What about $n$ cuts?

Hats off to Paul Panzer’s tasty general solution, which produces more equally sized pieces than puzzle poser Joe Z.’s general sample solution for  $n = 6k > 6$  cuts.   The parabolic result-curves of both those general solutions, however, begin slower than a linearly growing general solution that produces $4(n{-}3)$ equally sized pieces from $n = 2k \ge 6$  cuts.   This linearly growing general solution is an improvement only in the narrow domain of  $6 \,{<}\, n \,{<}\, 12$  cuts.

None of the general solutions so far cover the case of $n \,{=}\, 7$ cuts. Here is a solution with rectangular symmetry whose number of equal pieces can easily be matched by Paul Panzer’s specific solution for 6 cuts merely by slicing a single segment of pizza along an appropriately measured chord.


         7 cuts, 16 equally sized pieces

  • Triangles E through L are congruent with area a b / 2.

  • Suitably adjusted values for a and b can make the areas of pieces A and B also a b / 2, and thus of pieces C, D, M, N, O and P as well.   This is because increasing the value of a decreases the sum of areas A+B while increasing the value of b increases the ratio of areas B/A.


Original post follows (slightly edited), which led to the solutions above.

For 6 cuts, what is the largest number of pieces of equal size I can obtain (using only straight cuts that go through the entire pizza)?

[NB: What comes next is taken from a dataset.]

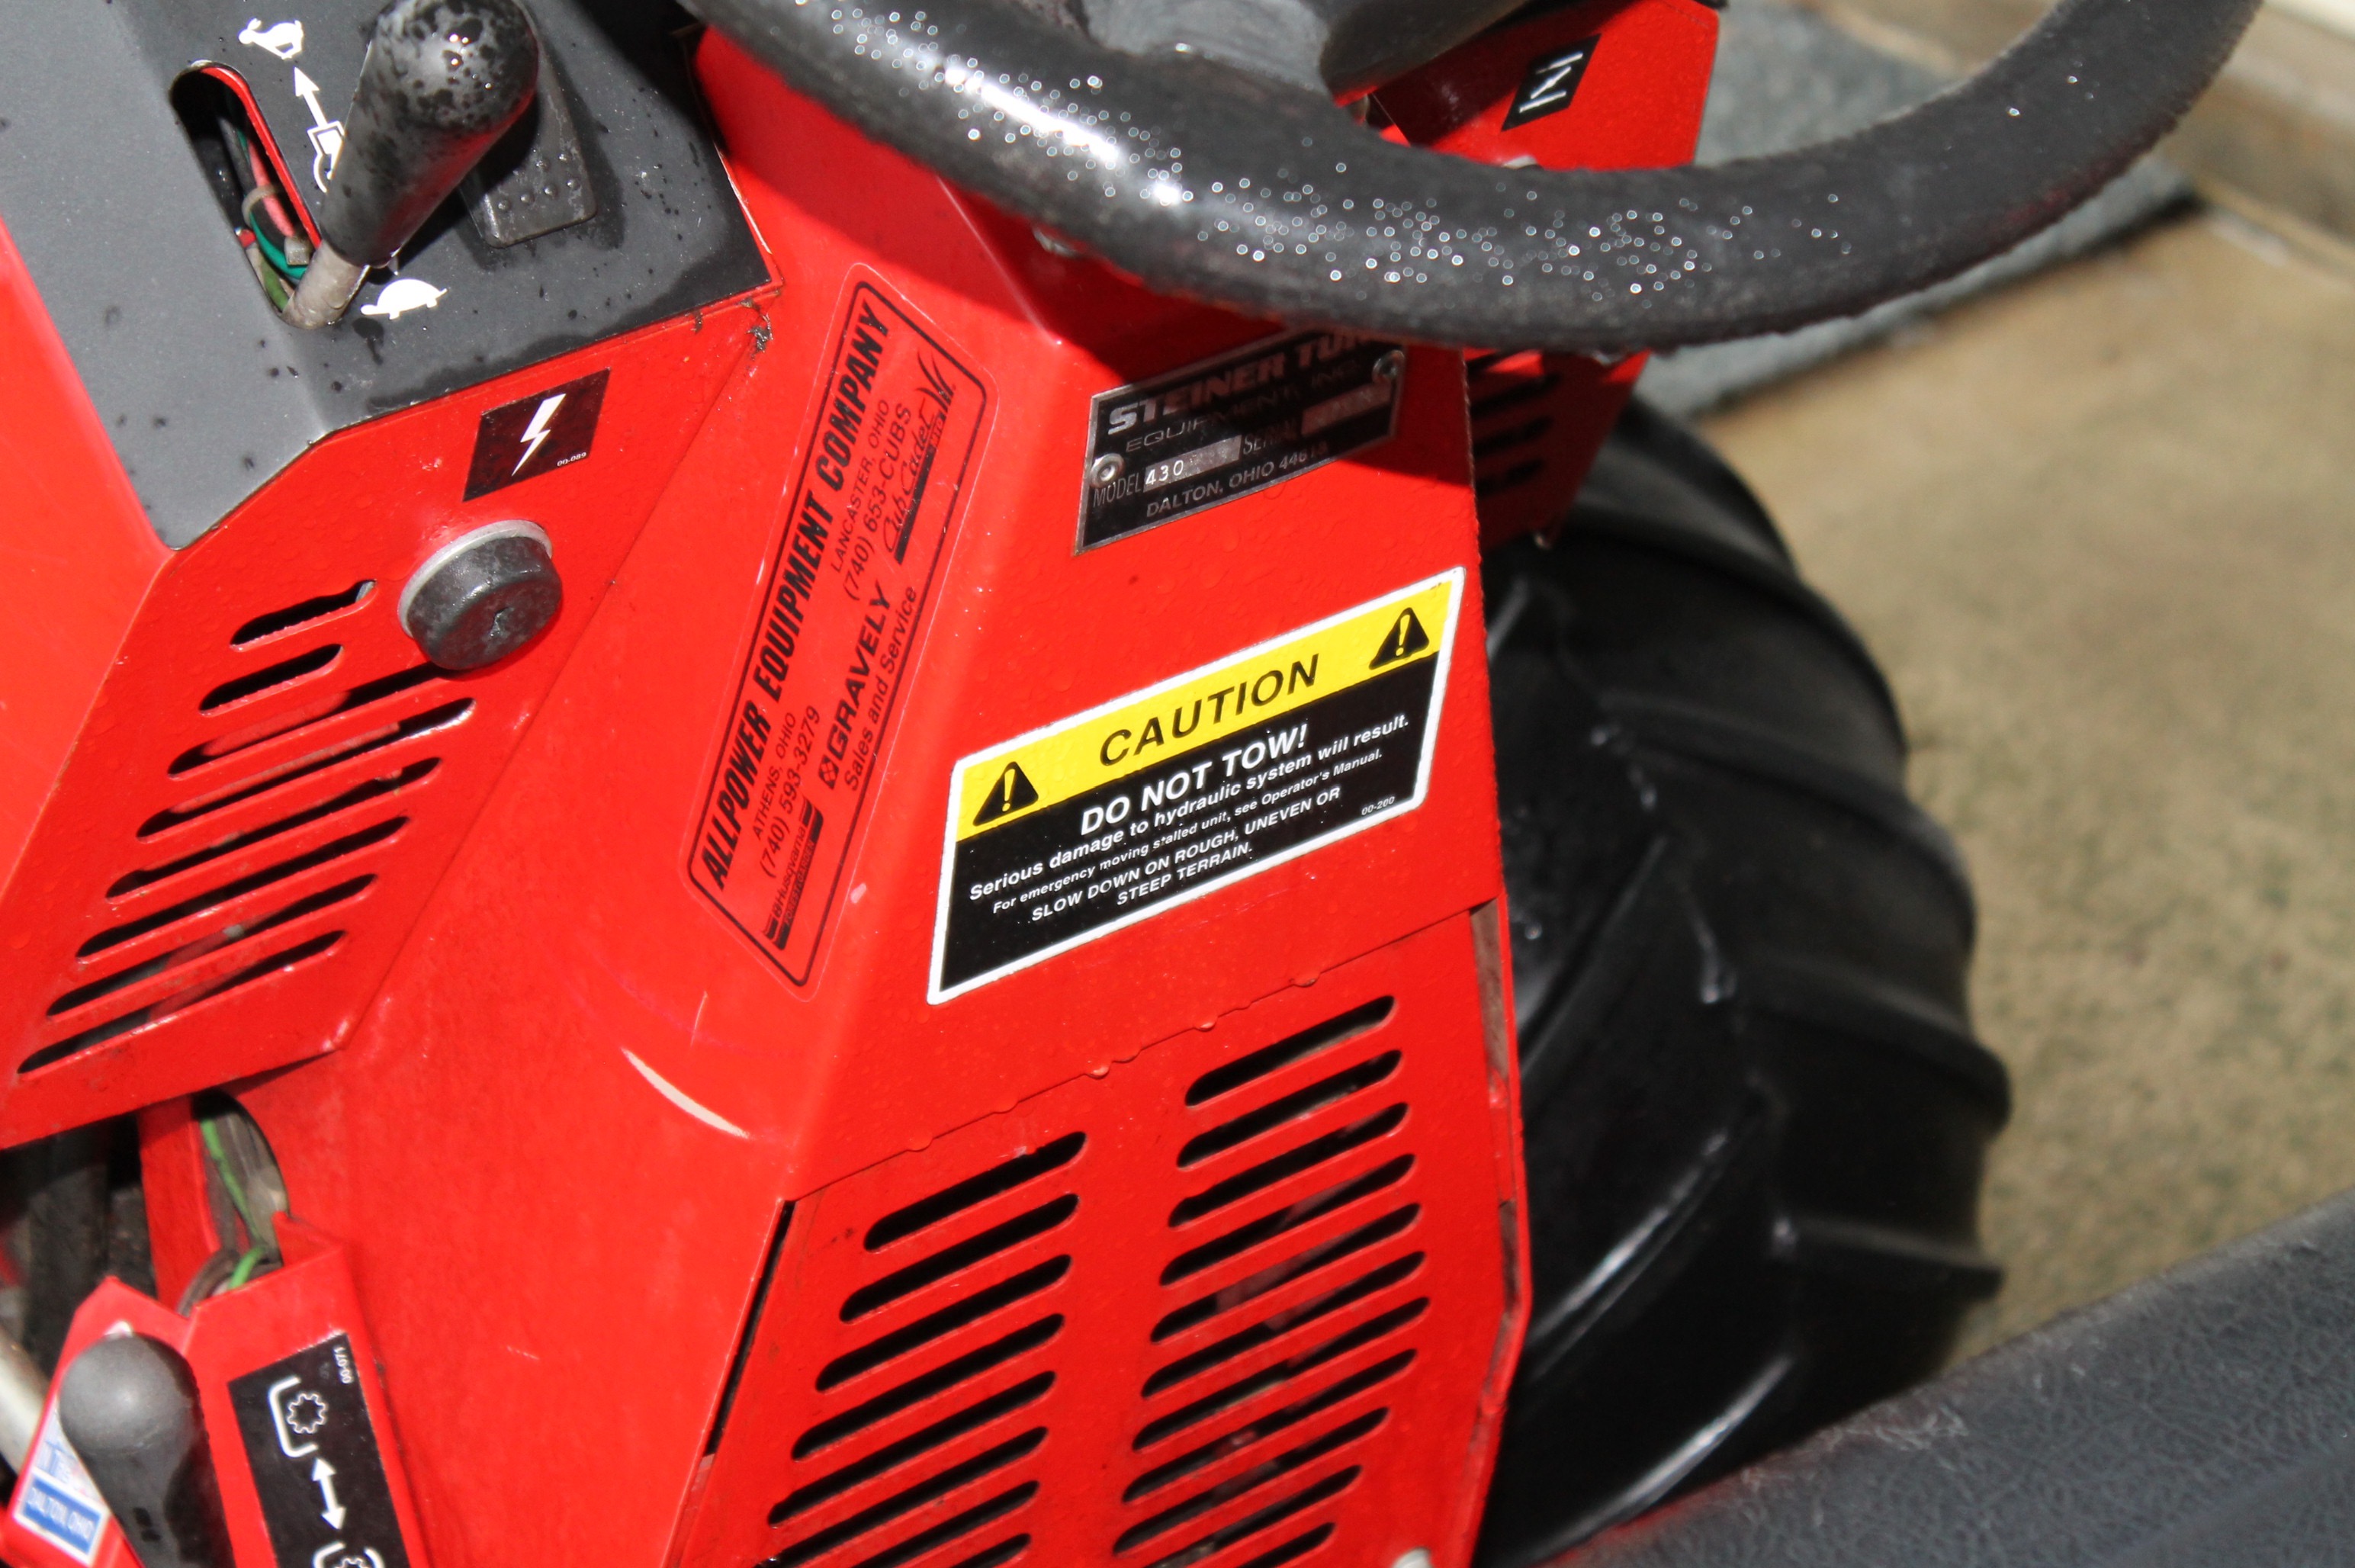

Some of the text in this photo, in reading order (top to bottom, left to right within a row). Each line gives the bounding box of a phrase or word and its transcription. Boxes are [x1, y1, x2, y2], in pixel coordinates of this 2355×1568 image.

This is not the most possible with $n \,{=}\, 6$ cuts but here are 14 equally sized pieces, A through N, out of 20 total pieces. This has 1 equal piece fewer than Paul Panzer’s beautiful 3-fold symmetric solution and 2 equal pieces more than both the  $2n \,{=}\, 12$  “naively” sliced sectors of the puzzle statement and the  $ \displaystyle \raise1ex\strut \small \big( {\raise-.4ex n \over 2} \kern.05em{-}\kern.1em 1 \big) \!\!\; \raise1.8ex{\scriptsize 2} \normalsize \! + 8 = 12 $   equal pieces produced by the general algorithm in puzzle poser Joe Z.’s sample solution.

  • The dimensions shown for triangles E and G clearly make both of their areas a b, and thus of pieces F, H, I and J as well.

  • Suitably adjusted values for a and b can make the areas of pieces A and B also a b, and thus of pieces C, D, K, L, M and N as well.   This is because increasing the value of a decreases the sum of areas A+B while increasing the value of b increases the ratio of areas B/A.

A series of experiments led to the above dissection . . .

. . . along with some later experiments.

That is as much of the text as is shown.